Assignment
Your task is to repeat the lines below exactly, excluding any pictures they contain.
↓
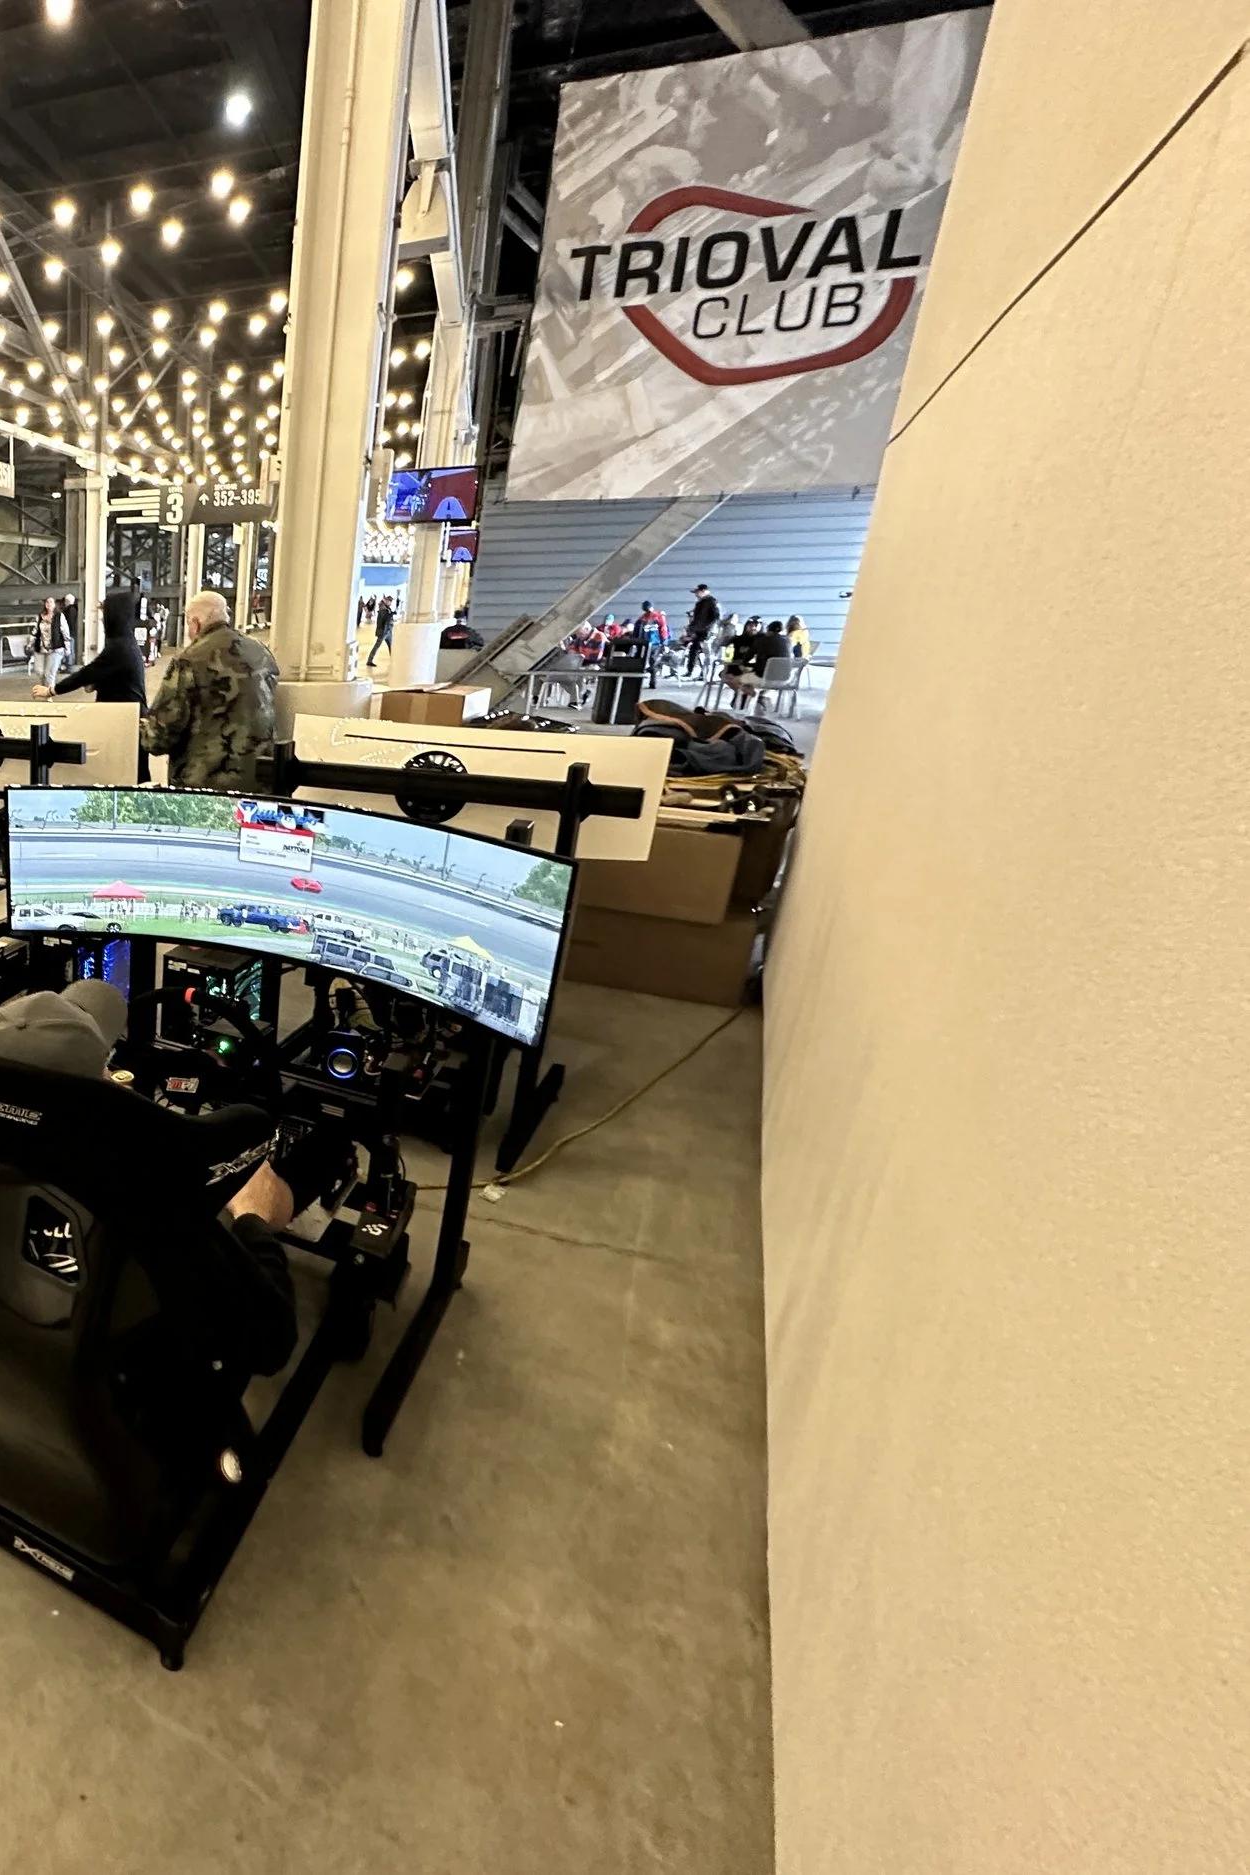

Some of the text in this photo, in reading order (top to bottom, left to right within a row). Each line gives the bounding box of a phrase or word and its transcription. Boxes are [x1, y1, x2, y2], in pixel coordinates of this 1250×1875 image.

[570, 209, 922, 301] TRIOVAL
[692, 282, 864, 340] CLUB
[166, 493, 184, 524] 3
[213, 488, 261, 507] 352-395
↑
Result below
Some of the text in this photo, in reading order (top to bottom, left to right within a row). Each line gives the bounding box of a phrase or word and its transcription. Boxes are [x1, y1, x2, y2], in pixel coordinates of this 1250×1875 image.

[570, 209, 922, 301] TRIOVAL
[692, 282, 864, 340] CLUB
[166, 493, 184, 524] 3
[213, 488, 261, 507] 352-395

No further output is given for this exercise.